**Assigned task**
Would you repeat the data below exactly, taking out the images?

╭─ Task inputs

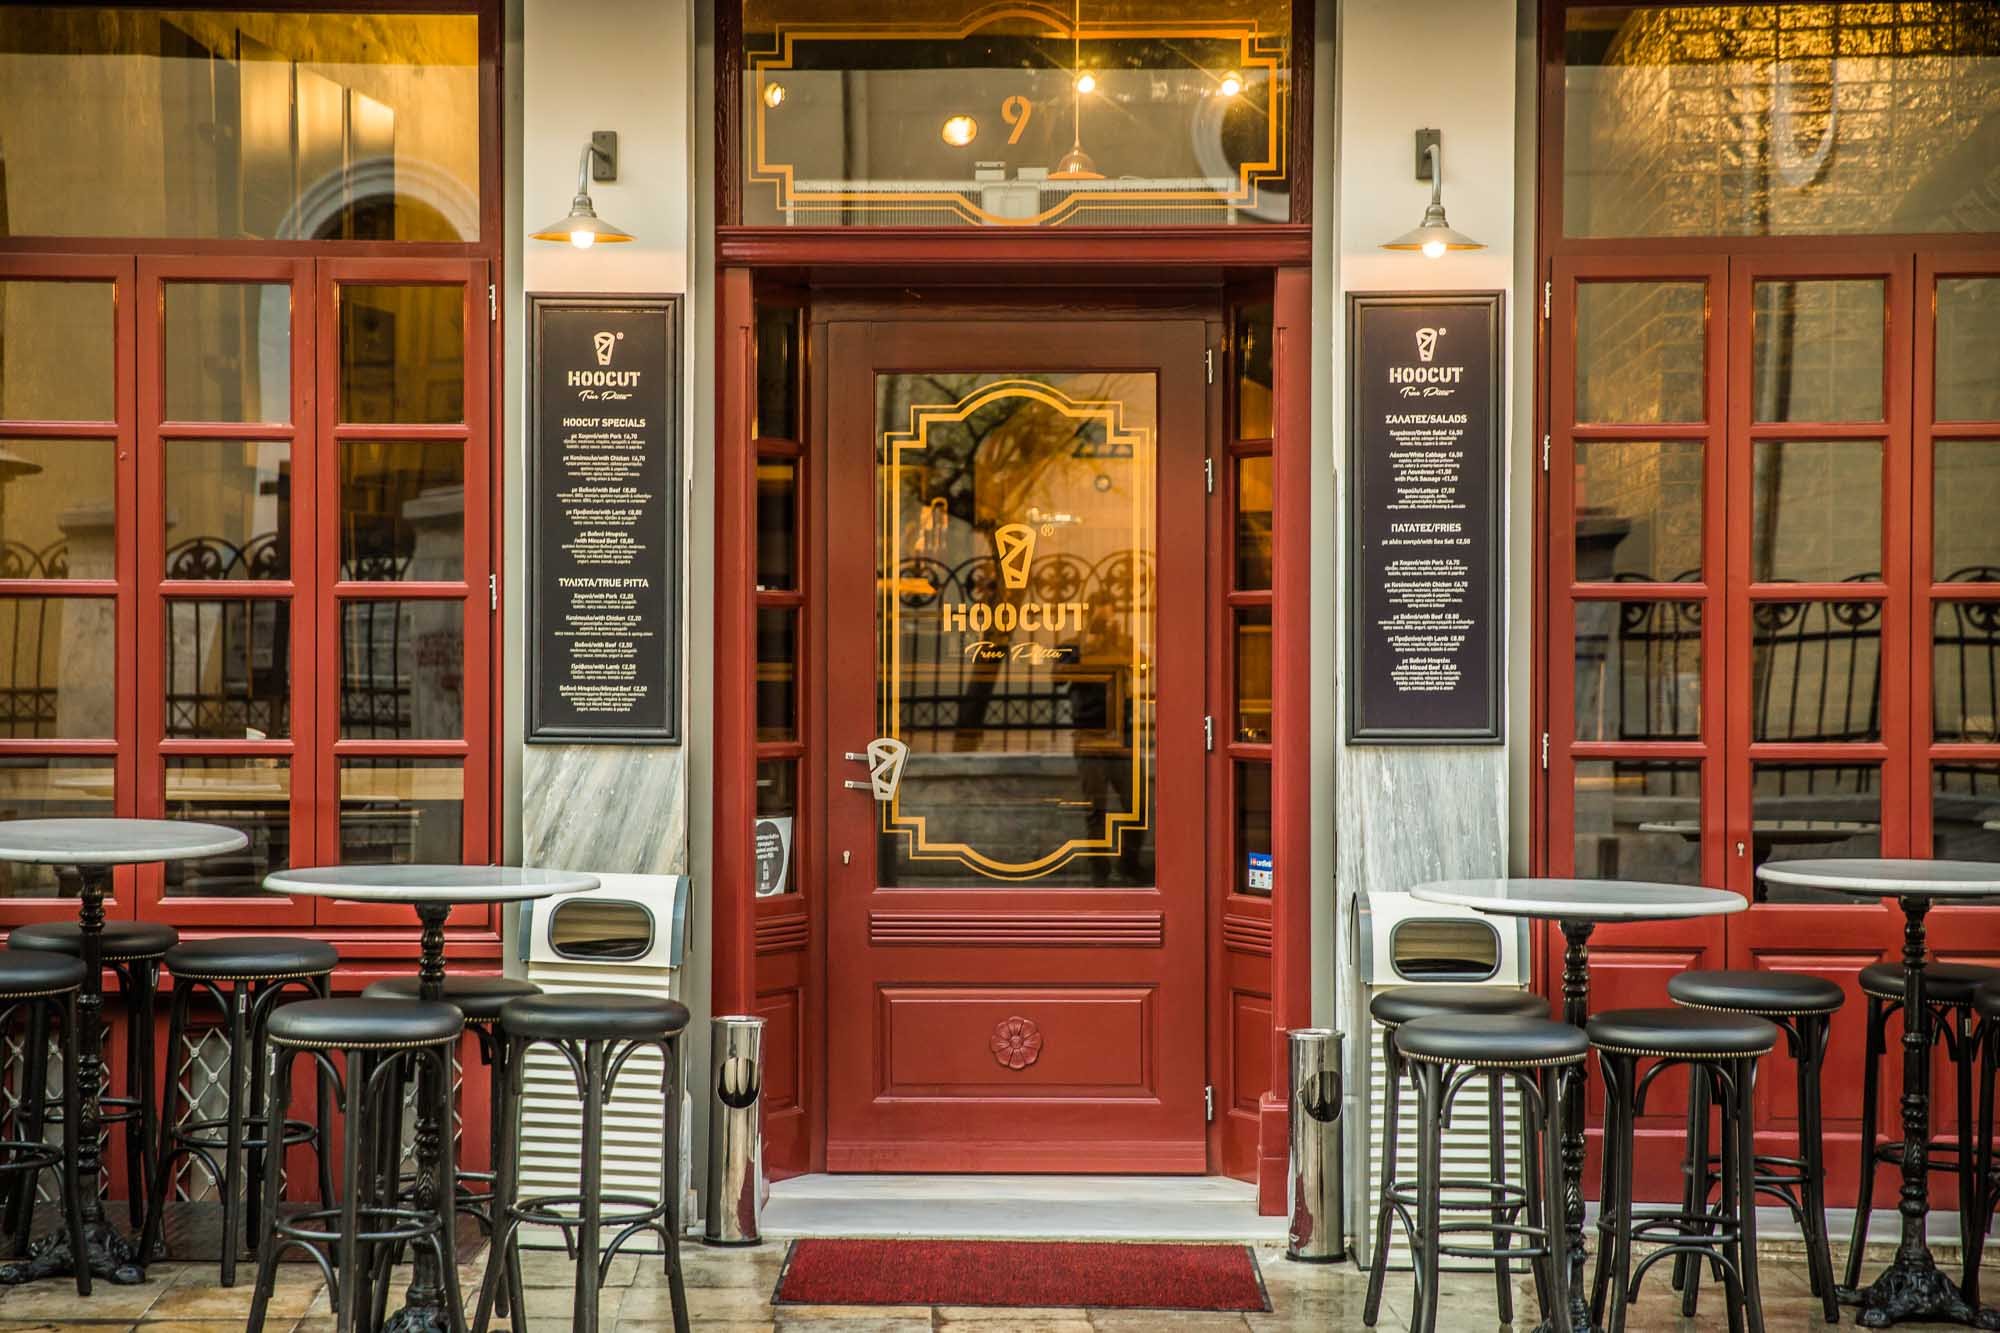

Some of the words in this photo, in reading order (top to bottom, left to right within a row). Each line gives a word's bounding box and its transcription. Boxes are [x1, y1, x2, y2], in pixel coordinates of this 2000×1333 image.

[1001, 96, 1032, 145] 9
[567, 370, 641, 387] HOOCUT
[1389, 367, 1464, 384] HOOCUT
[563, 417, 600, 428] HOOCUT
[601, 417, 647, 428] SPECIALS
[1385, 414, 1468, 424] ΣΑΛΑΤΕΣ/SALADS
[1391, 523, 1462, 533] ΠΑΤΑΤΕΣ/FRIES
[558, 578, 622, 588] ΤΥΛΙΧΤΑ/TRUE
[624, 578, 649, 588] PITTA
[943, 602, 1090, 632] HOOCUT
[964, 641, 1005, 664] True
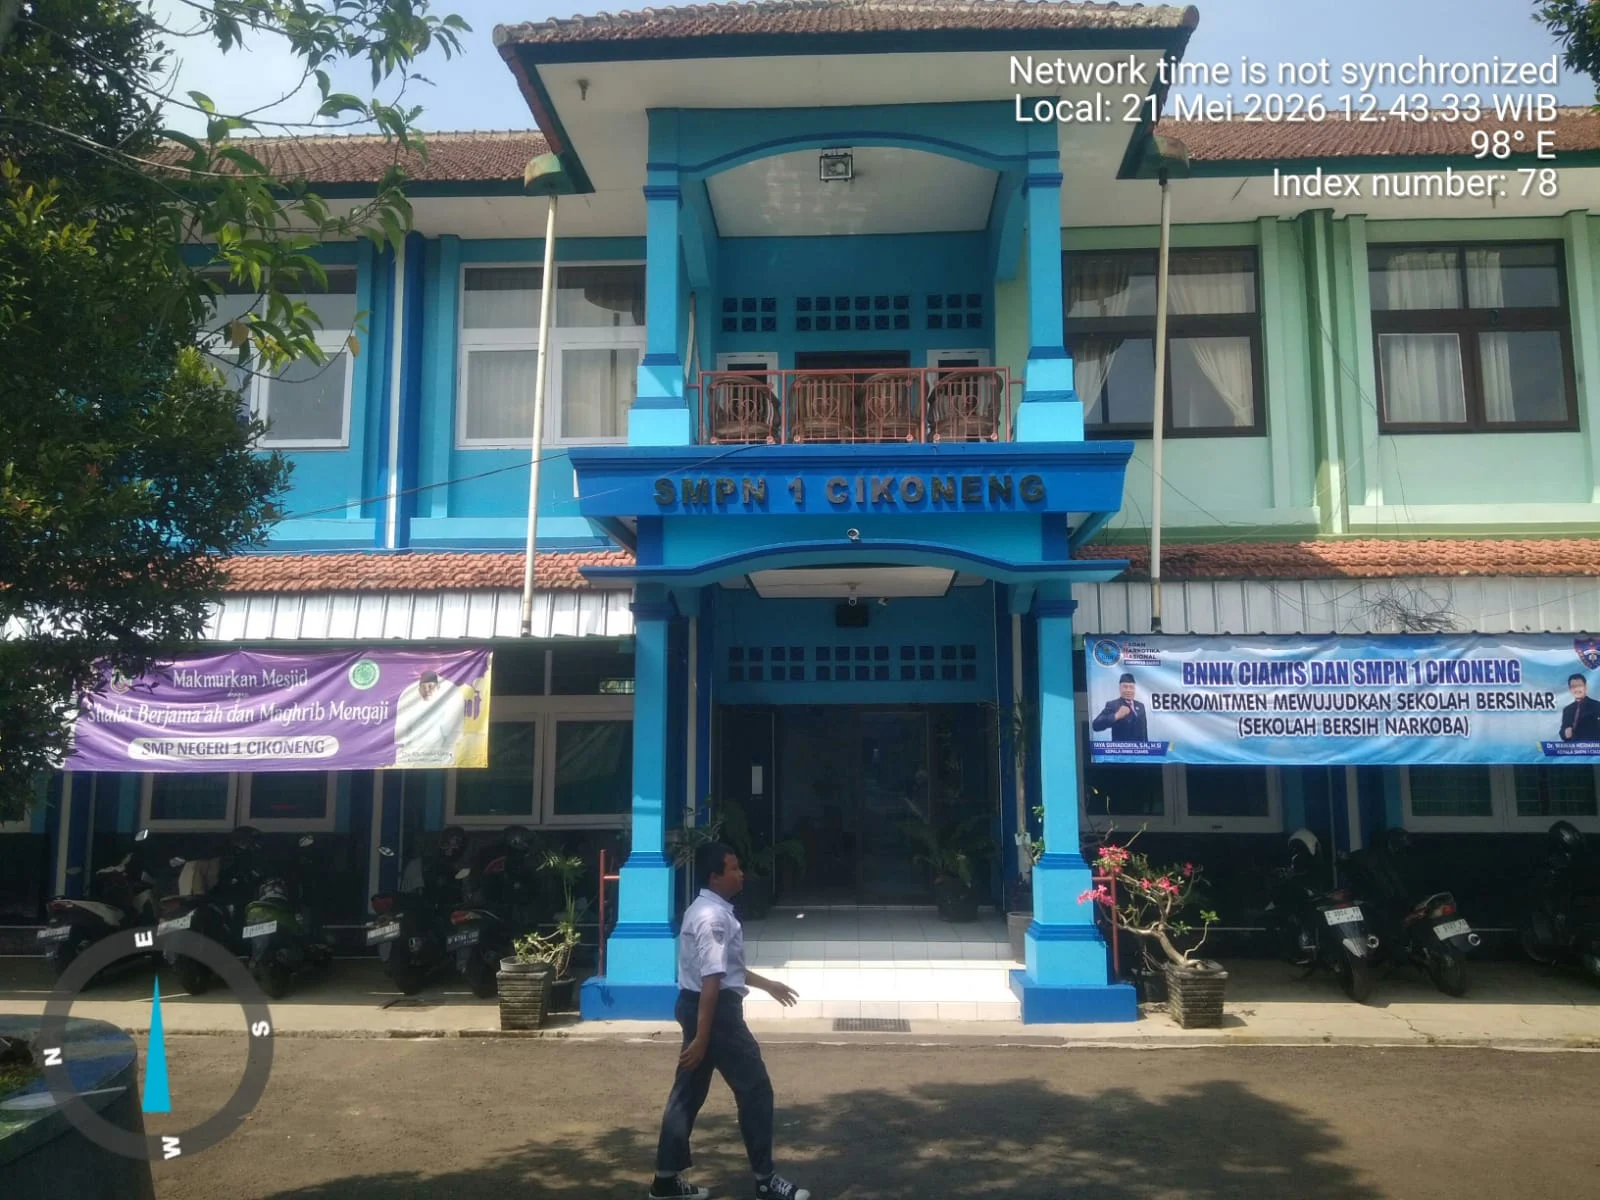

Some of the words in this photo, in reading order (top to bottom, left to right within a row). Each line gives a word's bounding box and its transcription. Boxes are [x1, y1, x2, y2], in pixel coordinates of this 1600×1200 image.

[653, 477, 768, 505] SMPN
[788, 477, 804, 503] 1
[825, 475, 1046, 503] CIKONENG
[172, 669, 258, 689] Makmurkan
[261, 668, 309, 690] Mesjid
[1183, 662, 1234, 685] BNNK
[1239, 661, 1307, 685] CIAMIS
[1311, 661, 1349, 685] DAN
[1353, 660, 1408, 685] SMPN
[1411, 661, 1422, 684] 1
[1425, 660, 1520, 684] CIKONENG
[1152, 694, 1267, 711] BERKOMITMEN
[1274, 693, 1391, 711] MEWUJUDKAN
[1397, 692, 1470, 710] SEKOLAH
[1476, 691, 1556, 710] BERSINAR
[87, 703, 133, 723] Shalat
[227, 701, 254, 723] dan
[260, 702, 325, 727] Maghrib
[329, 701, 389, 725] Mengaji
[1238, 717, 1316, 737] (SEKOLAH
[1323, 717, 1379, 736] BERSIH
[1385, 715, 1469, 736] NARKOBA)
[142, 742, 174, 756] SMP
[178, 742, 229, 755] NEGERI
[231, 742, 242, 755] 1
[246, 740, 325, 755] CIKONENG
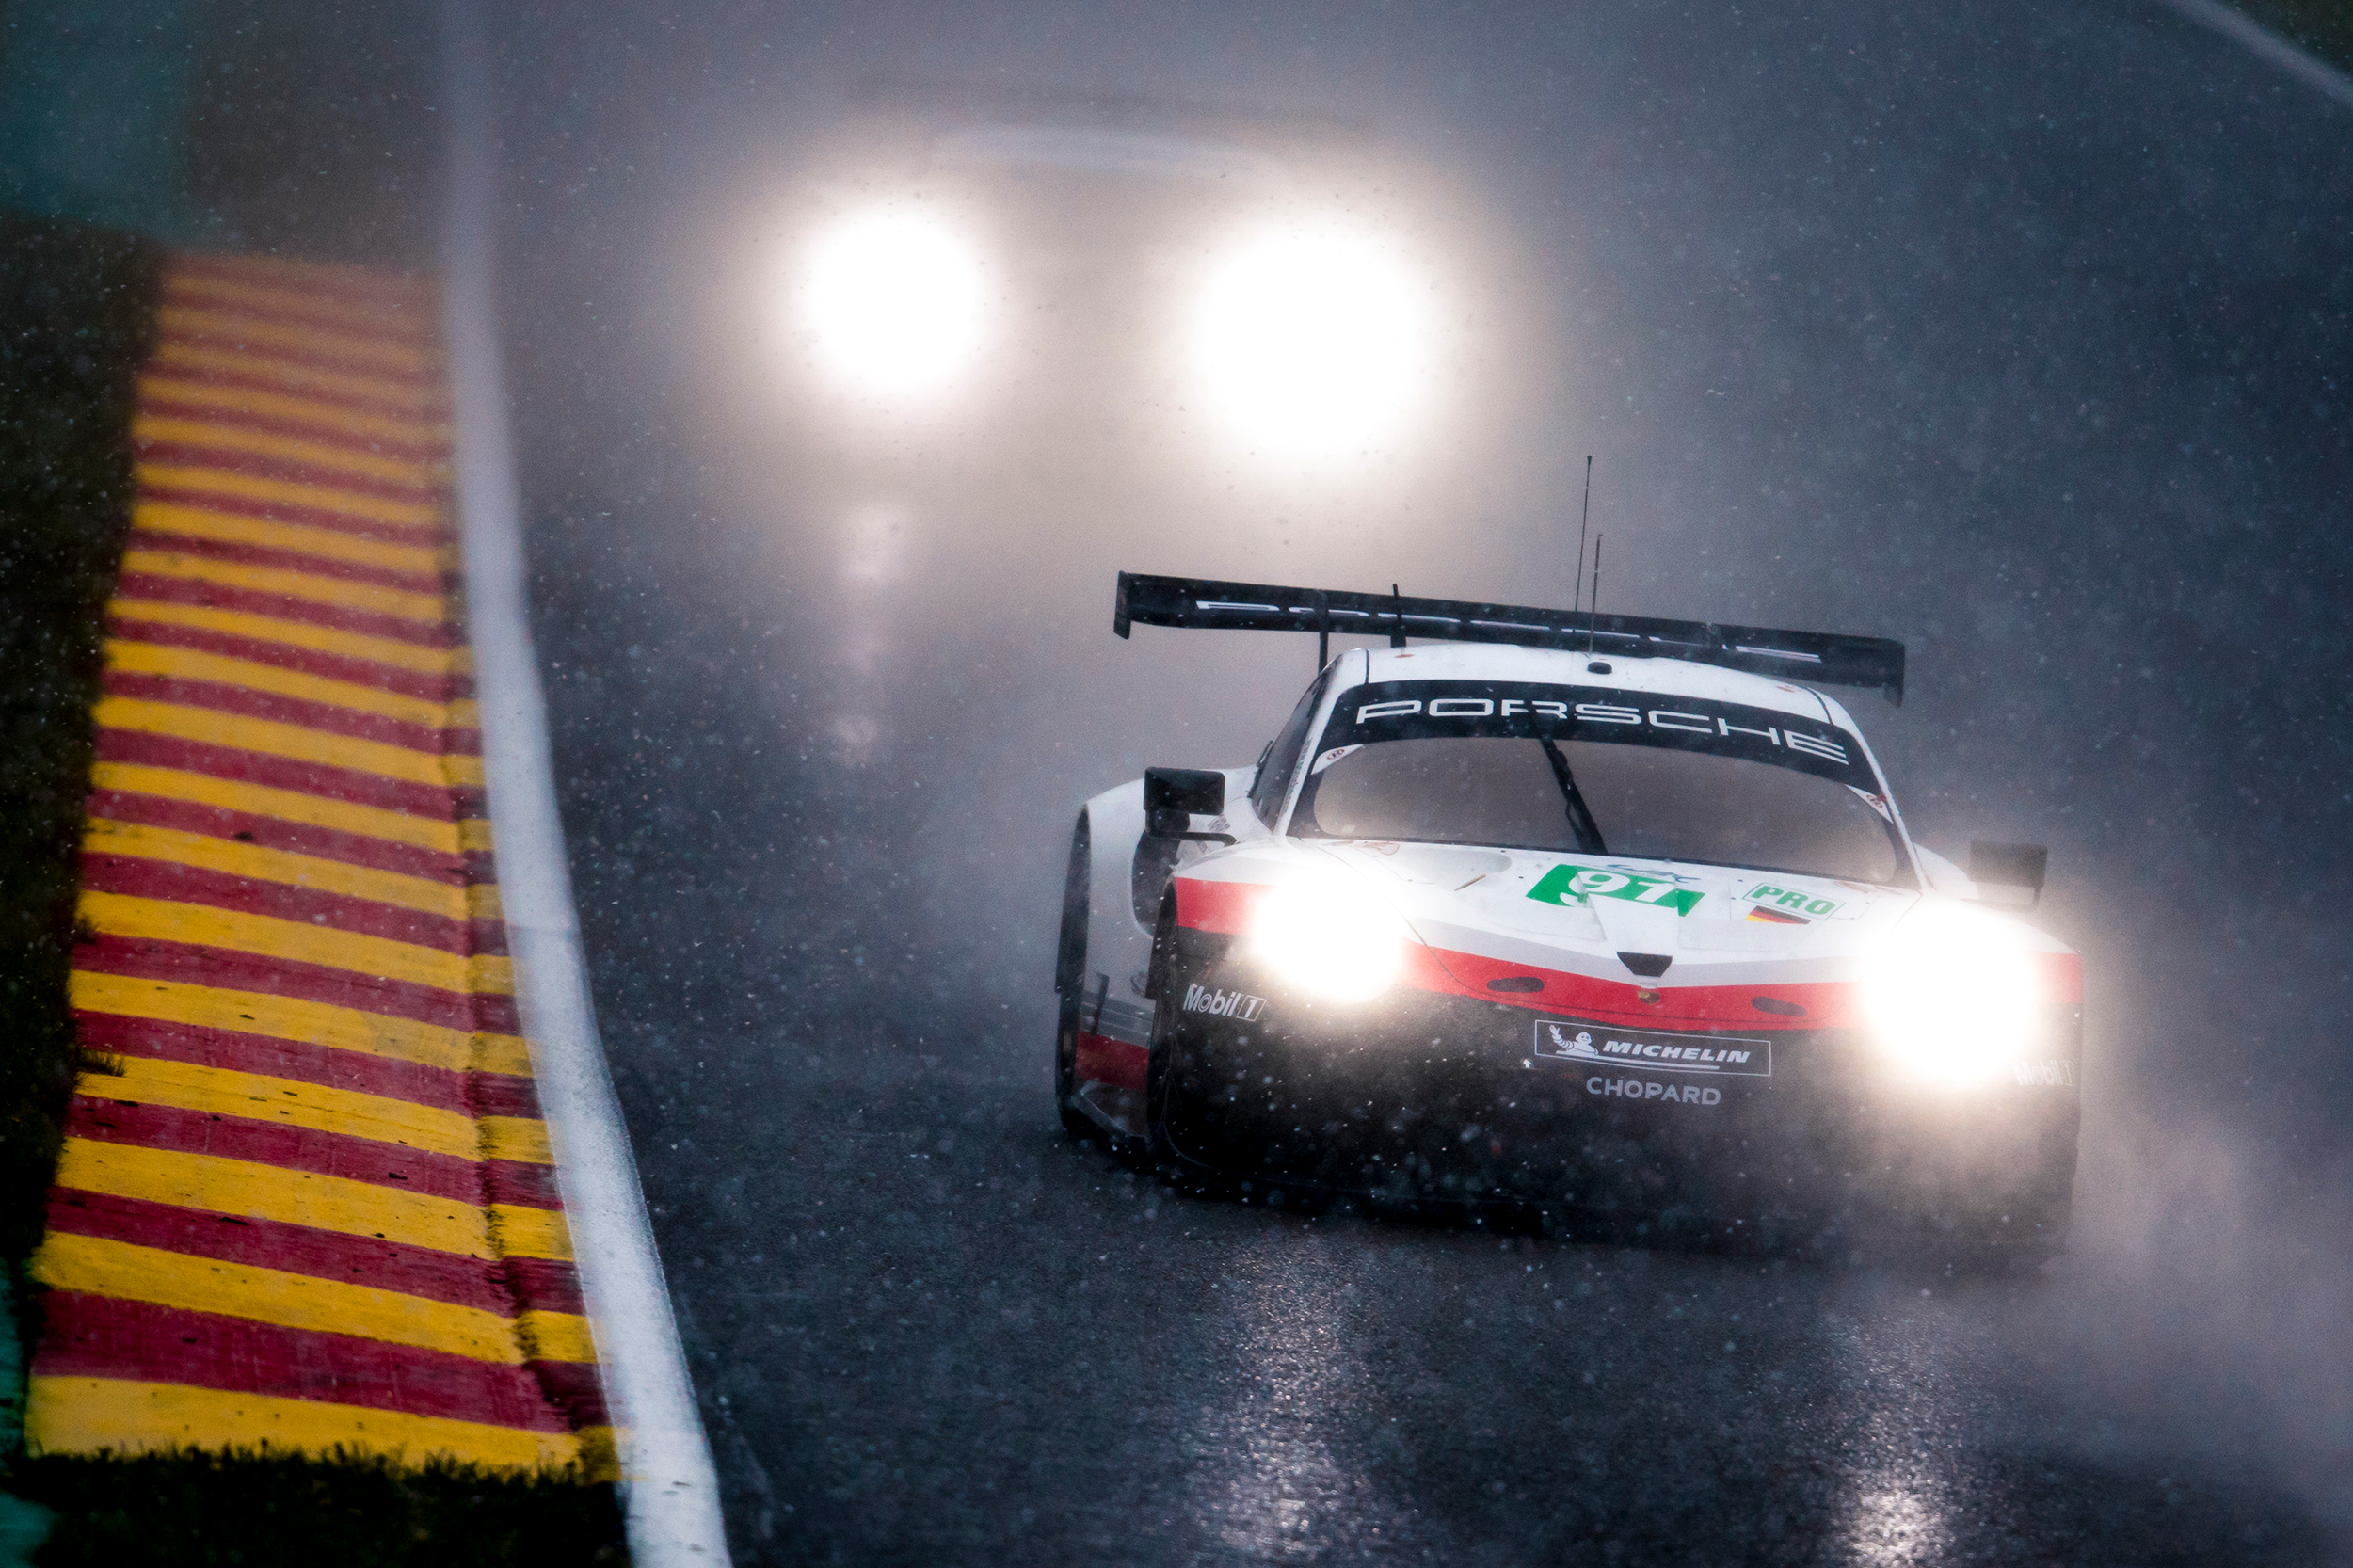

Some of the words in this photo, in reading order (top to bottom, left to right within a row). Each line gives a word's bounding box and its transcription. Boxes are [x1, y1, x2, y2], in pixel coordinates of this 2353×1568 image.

╰─

**Response area**
Some of the words in this photo, in reading order (top to bottom, left to right within a row). Each line gives a word's bounding box and its transcription. Boxes are [x1, y1, x2, y2], in pixel coordinates of this 2000×1333 image.

[1001, 96, 1032, 145] 9
[567, 370, 641, 387] HOOCUT
[1389, 367, 1464, 384] HOOCUT
[563, 417, 600, 428] HOOCUT
[601, 417, 647, 428] SPECIALS
[1385, 414, 1468, 424] ΣΑΛΑΤΕΣ/SALADS
[1391, 523, 1462, 533] ΠΑΤΑΤΕΣ/FRIES
[558, 578, 622, 588] ΤΥΛΙΧΤΑ/TRUE
[624, 578, 649, 588] PITTA
[943, 602, 1090, 632] HOOCUT
[964, 641, 1005, 664] True

Some of the words in this photo, in reading order (top to bottom, left to right within a row). Each line gives a word's bounding box and its transcription. Boxes are [x1, y1, x2, y2], in pixel coordinates of this 1600×1200 image.

[653, 477, 768, 505] SMPN
[788, 477, 804, 503] 1
[825, 475, 1046, 503] CIKONENG
[172, 669, 258, 689] Makmurkan
[261, 668, 309, 690] Mesjid
[1183, 662, 1234, 685] BNNK
[1239, 661, 1307, 685] CIAMIS
[1311, 661, 1349, 685] DAN
[1353, 660, 1408, 685] SMPN
[1411, 661, 1422, 684] 1
[1425, 660, 1520, 684] CIKONENG
[1152, 694, 1267, 711] BERKOMITMEN
[1274, 693, 1391, 711] MEWUJUDKAN
[1397, 692, 1470, 710] SEKOLAH
[1476, 691, 1556, 710] BERSINAR
[87, 703, 133, 723] Shalat
[227, 701, 254, 723] dan
[260, 702, 325, 727] Maghrib
[329, 701, 389, 725] Mengaji
[1238, 717, 1316, 737] (SEKOLAH
[1323, 717, 1379, 736] BERSIH
[1385, 715, 1469, 736] NARKOBA)
[142, 742, 174, 756] SMP
[178, 742, 229, 755] NEGERI
[231, 742, 242, 755] 1
[246, 740, 325, 755] CIKONENG

Some of the words in this photo, in reading order (top to bottom, left to right within a row). Each line gives a word's bounding box and its transcription. Boxes are [x1, y1, x2, y2], in pixel coordinates of this 2353×1568 image.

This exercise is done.